Exercise description: Beginning with the first entry, print all the records exactly.

Exercise data:
■ ■ ■ ■ ■

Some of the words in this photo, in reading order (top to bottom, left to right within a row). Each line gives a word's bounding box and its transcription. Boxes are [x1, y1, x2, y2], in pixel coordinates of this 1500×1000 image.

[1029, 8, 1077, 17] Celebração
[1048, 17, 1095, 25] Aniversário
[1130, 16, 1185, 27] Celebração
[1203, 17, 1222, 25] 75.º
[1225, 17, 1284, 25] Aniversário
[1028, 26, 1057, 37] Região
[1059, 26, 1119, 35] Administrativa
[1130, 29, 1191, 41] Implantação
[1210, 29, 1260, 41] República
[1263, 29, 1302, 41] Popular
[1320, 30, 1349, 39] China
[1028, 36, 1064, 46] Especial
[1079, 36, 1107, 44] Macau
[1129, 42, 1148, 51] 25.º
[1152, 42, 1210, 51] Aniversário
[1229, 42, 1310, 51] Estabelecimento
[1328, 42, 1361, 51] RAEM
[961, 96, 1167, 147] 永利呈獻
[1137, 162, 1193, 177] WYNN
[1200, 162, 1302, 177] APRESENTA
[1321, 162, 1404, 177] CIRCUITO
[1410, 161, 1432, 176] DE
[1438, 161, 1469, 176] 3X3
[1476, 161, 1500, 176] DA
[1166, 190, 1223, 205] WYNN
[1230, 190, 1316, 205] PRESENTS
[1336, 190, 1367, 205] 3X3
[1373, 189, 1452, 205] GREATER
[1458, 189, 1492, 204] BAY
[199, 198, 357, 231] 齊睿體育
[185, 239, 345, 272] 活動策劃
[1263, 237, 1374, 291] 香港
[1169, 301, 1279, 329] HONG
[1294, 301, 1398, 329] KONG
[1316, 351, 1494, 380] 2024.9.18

■ ■ ■ ■ ■

Answer to this problem:
Some of the words in this photo, in reading order (top to bottom, left to right within a row). Each line gives a word's bounding box and its transcription. Boxes are [x1, y1, x2, y2], in pixel coordinates of this 1500×1000 image.

[1029, 8, 1077, 17] Celebração
[1048, 17, 1095, 25] Aniversário
[1130, 16, 1185, 27] Celebração
[1203, 17, 1222, 25] 75.º
[1225, 17, 1284, 25] Aniversário
[1028, 26, 1057, 37] Região
[1059, 26, 1119, 35] Administrativa
[1130, 29, 1191, 41] Implantação
[1210, 29, 1260, 41] República
[1263, 29, 1302, 41] Popular
[1320, 30, 1349, 39] China
[1028, 36, 1064, 46] Especial
[1079, 36, 1107, 44] Macau
[1129, 42, 1148, 51] 25.º
[1152, 42, 1210, 51] Aniversário
[1229, 42, 1310, 51] Estabelecimento
[1328, 42, 1361, 51] RAEM
[961, 96, 1167, 147] 永利呈獻
[1137, 162, 1193, 177] WYNN
[1200, 162, 1302, 177] APRESENTA
[1321, 162, 1404, 177] CIRCUITO
[1410, 161, 1432, 176] DE
[1438, 161, 1469, 176] 3X3
[1476, 161, 1500, 176] DA
[1166, 190, 1223, 205] WYNN
[1230, 190, 1316, 205] PRESENTS
[1336, 190, 1367, 205] 3X3
[1373, 189, 1452, 205] GREATER
[1458, 189, 1492, 204] BAY
[199, 198, 357, 231] 齊睿體育
[185, 239, 345, 272] 活動策劃
[1263, 237, 1374, 291] 香港
[1169, 301, 1279, 329] HONG
[1294, 301, 1398, 329] KONG
[1316, 351, 1494, 380] 2024.9.18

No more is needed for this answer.